New York City Mayor Bill de Blasio has demonstrated incompetence rare even among big-city mayors. An epic failure in responding to the pandemic was matched by his incomprehensibly stupid response to the riots that tore up the city last summer.
But he’s not alone among Democratic big-city mayors in delusions about why their cities are so violent. Blaming guns for the violent crime wave coursing through America now may be ignorant, but it works politically. And answering the spike in crime by hamstringing police is something else de Blasio has in common with other Democratic mayors. Today, de Blasio will unveil the initial draft of a plan to “reform” the NYPD. As expected, the plan wants to make police invisible in high-crime areas — “reduce the police footprint” is how the draft puts it.
Under the plan, the NYPD would work with violence interrupter groups to launch a Joint Task Force to End Gun Violence and would be required to produce a website providing the disciplinary records of officers, including the charges against them, penalties incurred and trial decisions.

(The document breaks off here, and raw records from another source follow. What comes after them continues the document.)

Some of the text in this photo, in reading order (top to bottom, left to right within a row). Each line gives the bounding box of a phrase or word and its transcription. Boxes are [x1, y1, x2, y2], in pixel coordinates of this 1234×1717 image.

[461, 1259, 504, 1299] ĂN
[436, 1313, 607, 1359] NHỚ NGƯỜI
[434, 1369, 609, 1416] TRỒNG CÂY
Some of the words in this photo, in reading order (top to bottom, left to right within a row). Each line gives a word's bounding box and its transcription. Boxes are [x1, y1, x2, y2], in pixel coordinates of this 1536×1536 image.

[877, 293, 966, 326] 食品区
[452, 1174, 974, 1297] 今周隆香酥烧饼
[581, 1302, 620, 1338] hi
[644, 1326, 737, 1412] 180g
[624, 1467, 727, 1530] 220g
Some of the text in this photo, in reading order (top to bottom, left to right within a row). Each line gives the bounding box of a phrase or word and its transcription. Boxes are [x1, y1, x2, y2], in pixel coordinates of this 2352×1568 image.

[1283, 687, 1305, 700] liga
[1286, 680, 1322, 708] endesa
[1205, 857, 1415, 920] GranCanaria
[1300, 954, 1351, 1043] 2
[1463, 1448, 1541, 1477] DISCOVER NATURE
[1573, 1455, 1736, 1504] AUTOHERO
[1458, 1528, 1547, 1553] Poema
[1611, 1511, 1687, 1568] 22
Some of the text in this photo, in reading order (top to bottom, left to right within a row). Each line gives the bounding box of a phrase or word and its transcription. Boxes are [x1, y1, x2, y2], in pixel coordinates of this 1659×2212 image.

Other new initiatives include consolidating victim services into one agency to better support survivors of crime, restorative justice training for police brass and expanding mental health services for rank-and-file cops.
The city also plans to call on the state to rewrite its own laws to give entities like the CCRB access to sealed records to assist it in probing police matters.
Meanwhile, criminals are on the rampage taking aim at innocent civilians and gangbangers alike.
The New York Police Department (NYPD) recorded 77 shootings in February compared to the 44 reported during the same month last year, police officials announced Thursday. Meanwhile, February saw one less murder this year, with 21, and a decrease in felonious murders by just under 8%, the department said.
As of Tuesday, there were 160 shootings reported this year, with 173 victims, compared to the 115 shootings and 131 victims reported during the same timeframe in 2020, police said. Ten of the shooting victims so far this year have been between the ages of 10 and 17, up from the six reported year-over-year.
Overall crime has fallen during the pandemic, so a 75 percent increase in shootings in February should raise alarms about the way the police are doing their jobs. Instead, it’s led to further erosion of trust between the police and the city.
The end result was summarized by Governor Andrew Cuomo.
“It’s teetering, to use a word. Crime is way up. Homelessness is way up. Many people have left New York City,” he said during a news conference Wednesday. “We have to get New York City functional again and safe again. And viable again. And we have to do that quickly.”
How quickly? Judging by what the city’s mayor believes, there’s no urgency at all.
“It’s important to set a foundation here that even though we experienced some real challenges in 2020, particularly with gun violence, in fact, if you look at all of the numbers, overall crime decreased in 2020,” he said during a news conference Thursday. He outlined not only how overall crime had decreased, but also how police responses are now about “deepening the tie between police and community, deepening neighborhood policing.”
“We are the safest big city in America,” he added. “We will continue to be.”
I suppose compared to Chicago, New York City is a peaceful paradise. But when 77 people get shot in 28 days, you have to question the sanity of someone who says that.